Sunday, November 2, 2008

Don't Fence Me In: All About Constraints


Constraints are simultaneously one of my most favorite and least favorite Oracle Database features. They're great for keeping bad data out of the database. They're a terrible imposition on object-oriented, agile, or <insert your favorite buzzword here> coding style. They save a ton of repetitive coding, writing the same logic in different languages. Hey, we already wrote all that redundant code in 10 languages and we'd hate for all those weeks of debugging to be wasted. Etc. etc.

If you're coming from a Java background, you might think of constraints like a straitjacket that forces your exception handling code to be organized a certain way. But that's the wrong way to think of it. Robust database code must TRY/CATCH for unexpected conditions anyway, in case the power goes out or the hard drive fills up just as you ask to do a completely innocuous INSERT or UPDATE. What if some maverick team member fires up SQL*Plus to make bulk updates to one table, bypassing all the Java application code and its error checking, without understanding the conventions that everyone agreed on for the data values, or the corresponding changes that must be made in other tables? The exception from a constraint is just another error that you expect never to happen, but you don't rely on it not happening.

If you're coming from a SQL, PL/SQL, or maybe more of a scripting background, or if your team programs in different languages or consists of fallible human beings, you can think of constraints like your very own bridge-keeper from "Monty Python and the Holy Grail". Whoever would insert or update table T must answer me these questions three, else an exception raised shall be.

For example, on a command like INSERT INTO GRAIL_KNIGHTS SELECT * FROM ROUND_TABLE_KNIGHTS...
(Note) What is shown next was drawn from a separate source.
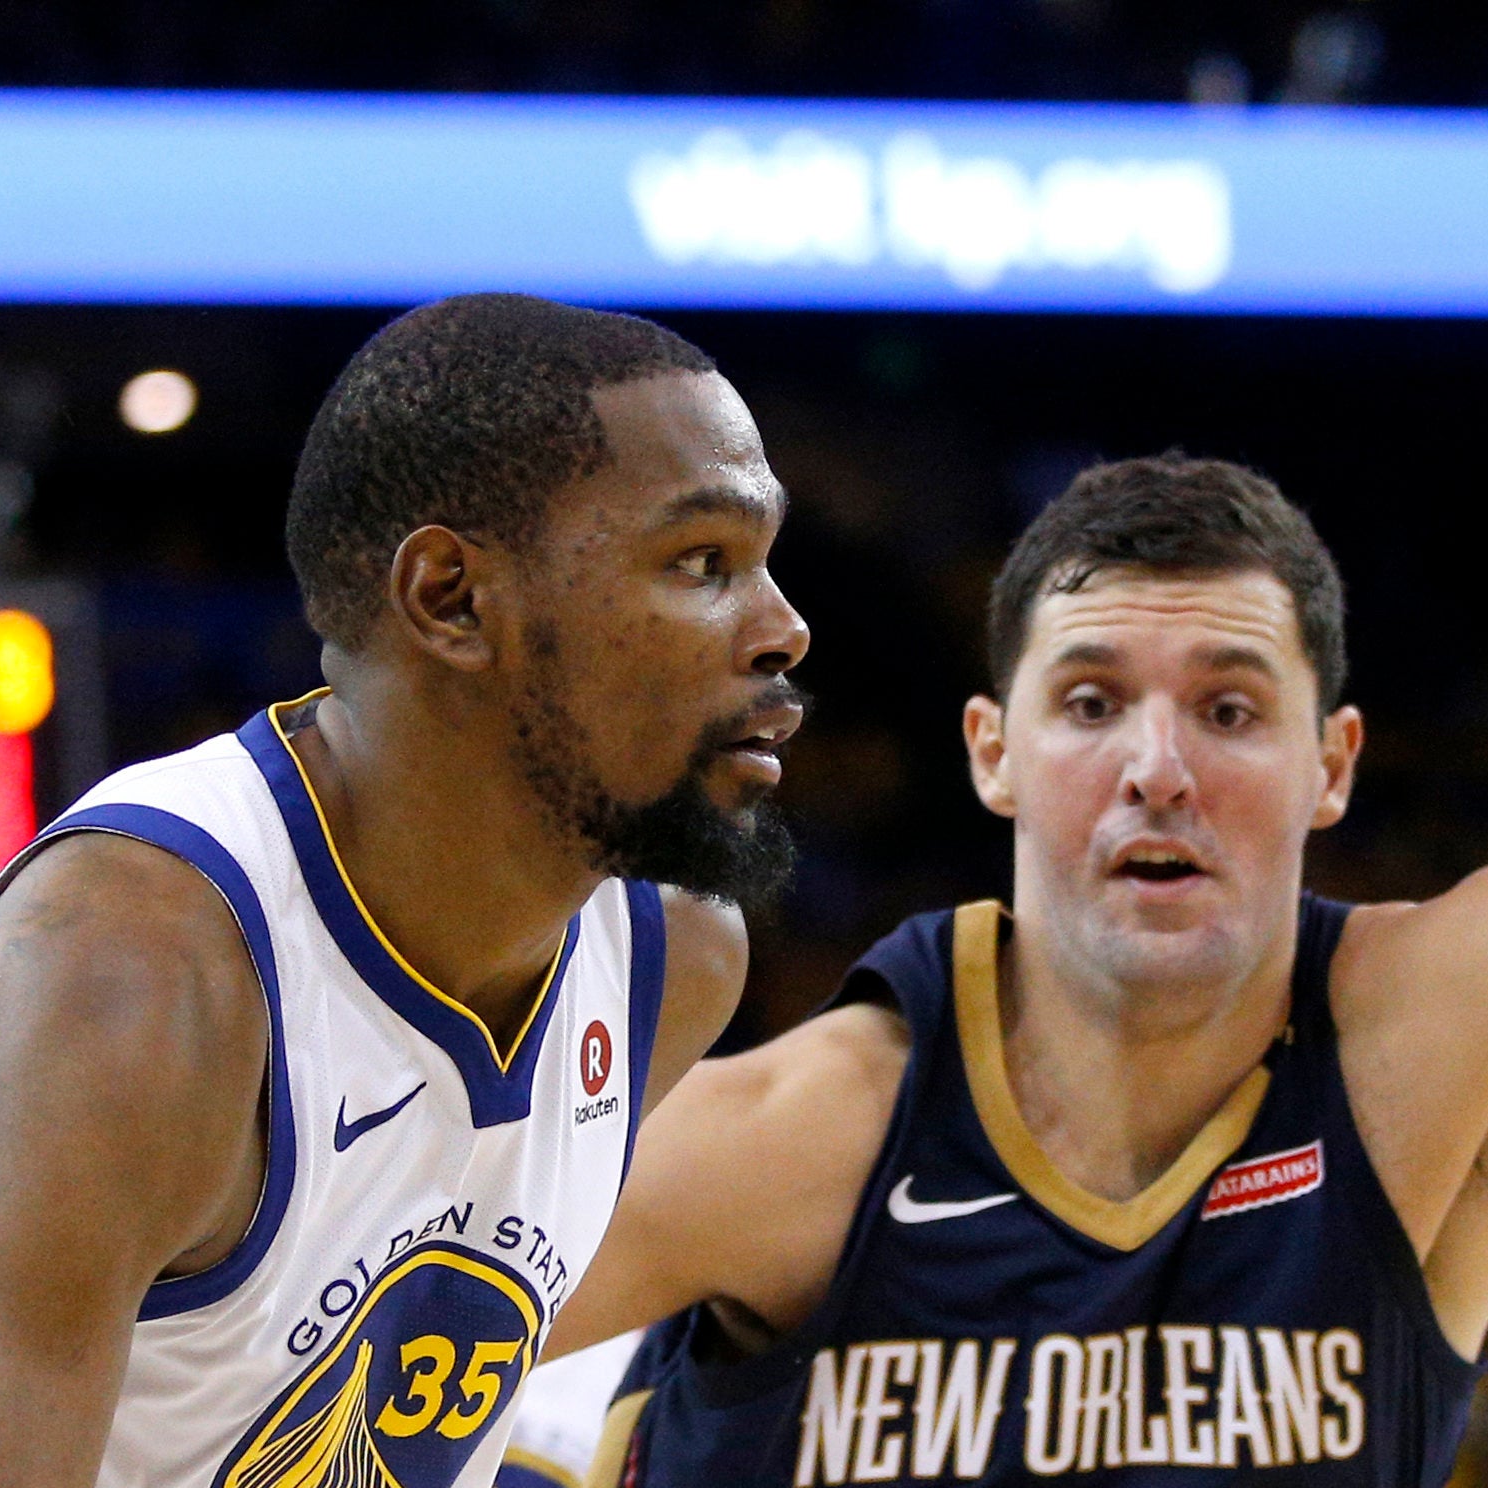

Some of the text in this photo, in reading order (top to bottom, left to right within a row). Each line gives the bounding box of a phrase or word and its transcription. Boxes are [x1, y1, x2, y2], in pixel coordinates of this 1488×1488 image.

[574, 1096, 619, 1126] Rakuten
[374, 1333, 524, 1441] 35
[1022, 1325, 1365, 1476] ORLEANS
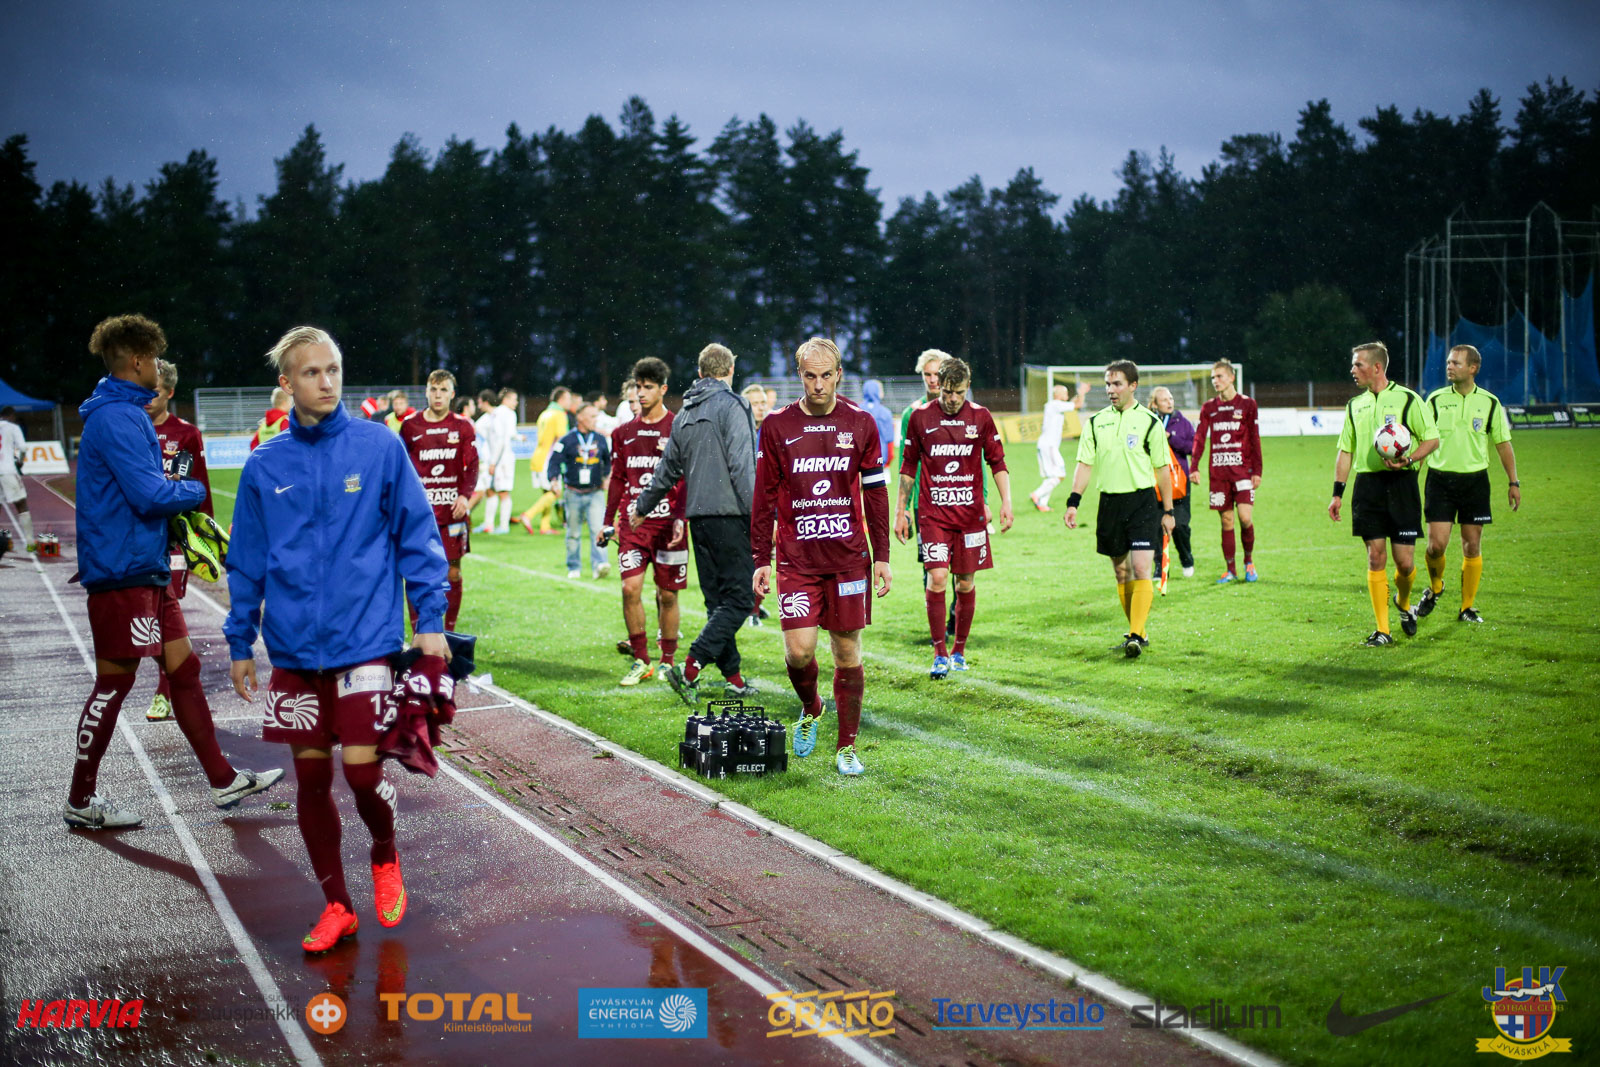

  • If Sir Lancelot and Sir Robin both give the same answers, a UNIQUE constraint will catapult Sir Robin into the Gorge of Eternal Peril.
  • If Sir Galahad can't name a favorite color, a NOT NULL constraint will send him to the same fate.
  • If King Arthur gives the wrong airspeed velocity of an unladen swallow, a CHECK constraint will spell his end.

As a bonus...

  • If you don't count correctly when intoning the ritual, the Holy Hand Grenade of Antioch won't work because of its PRIMARY KEY constraint. (It's probably best to count to 3 via a sequence, and not write a psalm about that special value. In the database world, the ritual is different every time.)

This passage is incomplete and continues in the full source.